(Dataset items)
------------------------------

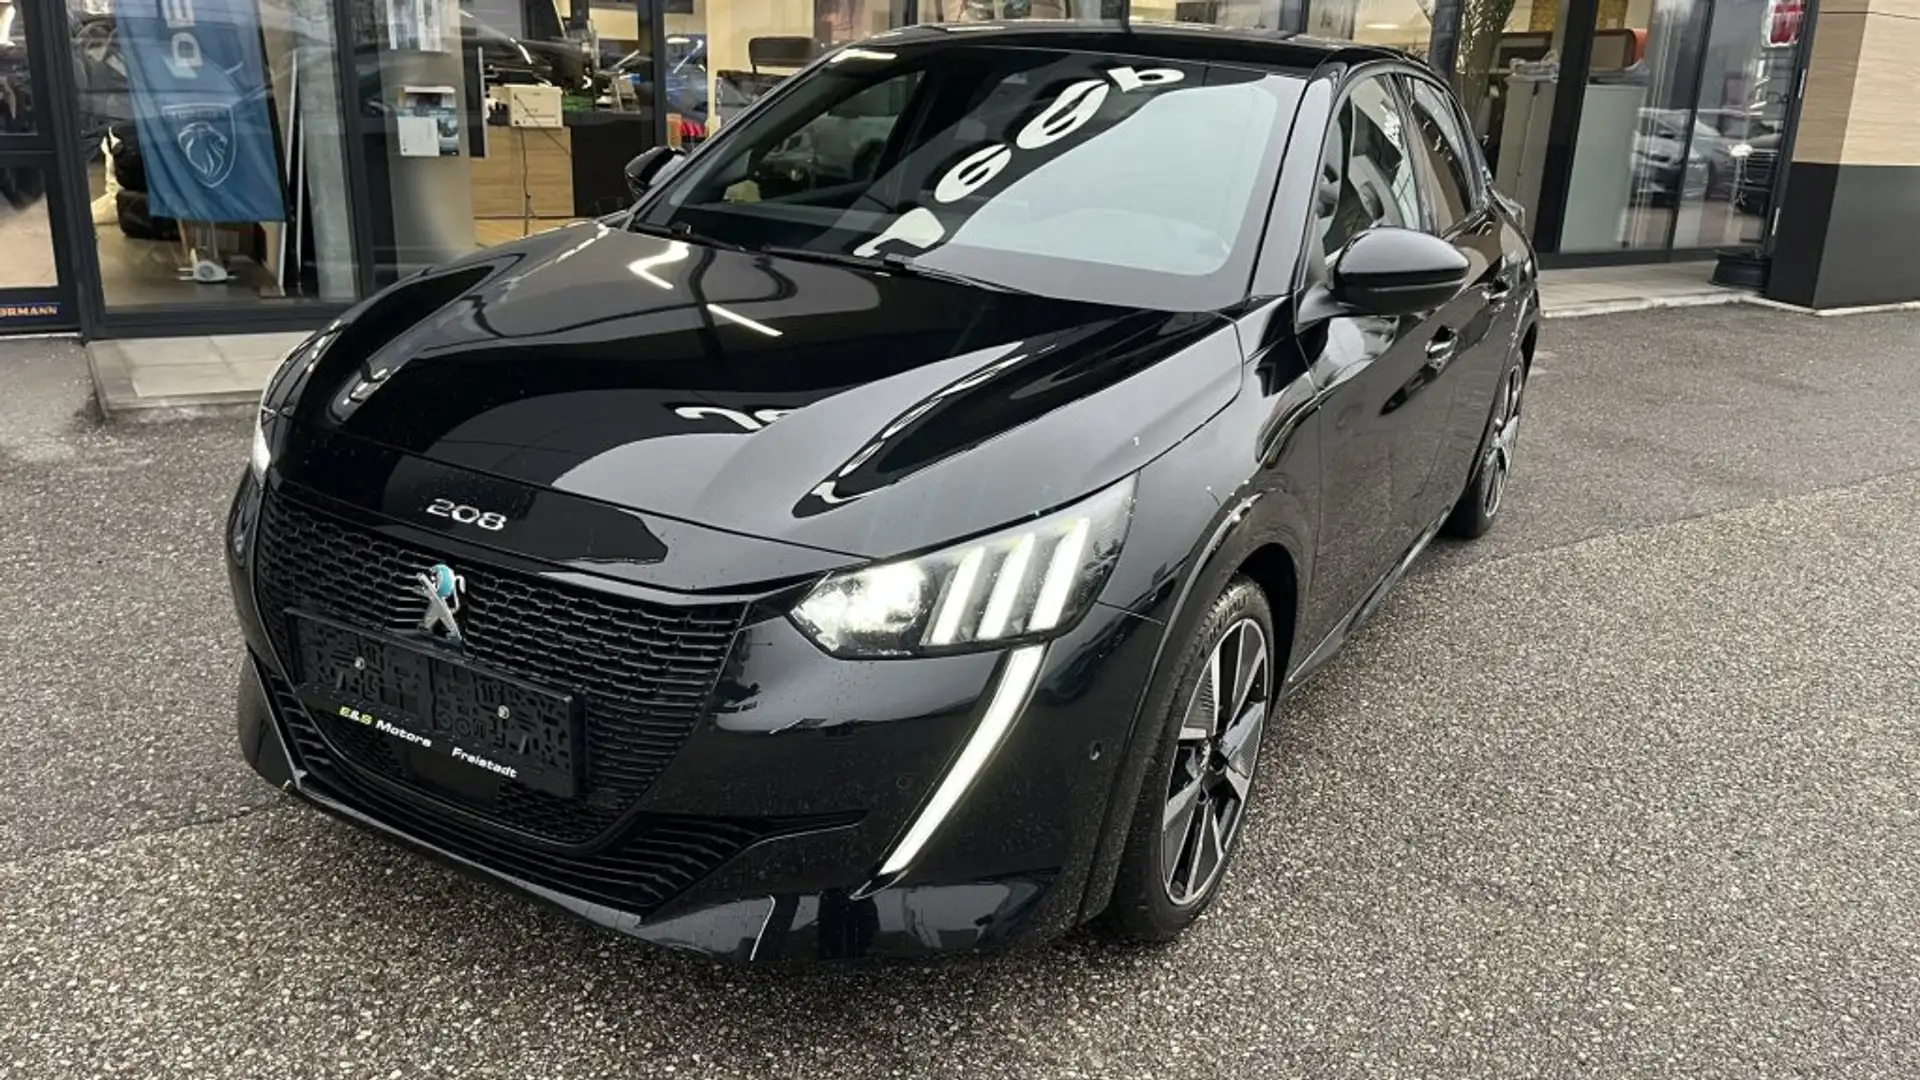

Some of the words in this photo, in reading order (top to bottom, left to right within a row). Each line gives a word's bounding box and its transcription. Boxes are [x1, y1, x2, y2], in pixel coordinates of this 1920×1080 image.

[426, 498, 507, 531] 208
[339, 706, 373, 725] E&S
[375, 719, 432, 748] Motors
[452, 746, 517, 778] Freistadt
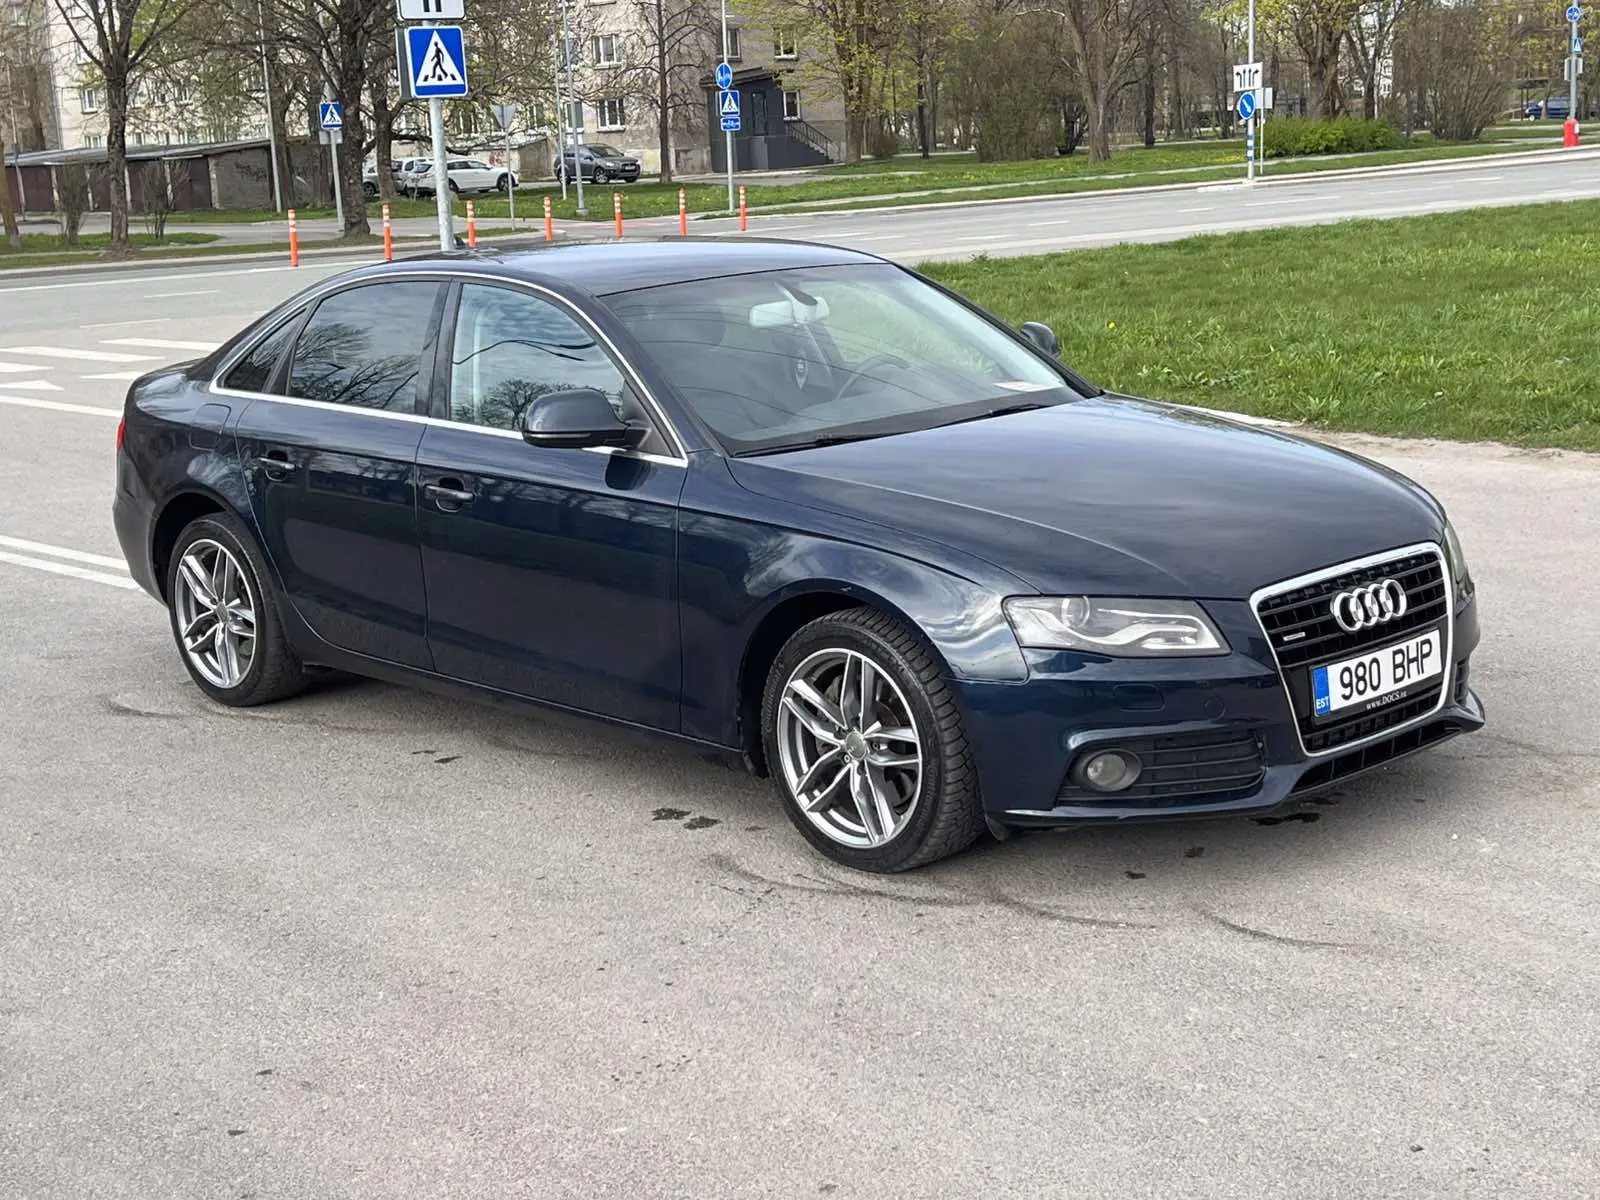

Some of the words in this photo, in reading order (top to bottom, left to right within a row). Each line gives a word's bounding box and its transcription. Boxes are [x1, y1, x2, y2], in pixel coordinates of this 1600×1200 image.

[1340, 657, 1381, 701] 980
[1392, 638, 1432, 684] BHP
[1315, 696, 1329, 709] EST

------------------------------

◆ THE TASK ◆
Make an exact copy of every entry above, minus the images.

◆ EXERCISE OUTPUT ◆
Some of the words in this photo, in reading order (top to bottom, left to right within a row). Each line gives a word's bounding box and its transcription. Boxes are [x1, y1, x2, y2], in pixel coordinates of this 1920×1080 image.

[426, 498, 507, 531] 208
[339, 706, 373, 725] E&S
[375, 719, 432, 748] Motors
[452, 746, 517, 778] Freistadt

Some of the words in this photo, in reading order (top to bottom, left to right within a row). Each line gives a word's bounding box and its transcription. Boxes are [x1, y1, x2, y2], in pixel coordinates of this 1600×1200 image.

[1340, 657, 1381, 701] 980
[1392, 638, 1432, 684] BHP
[1315, 696, 1329, 709] EST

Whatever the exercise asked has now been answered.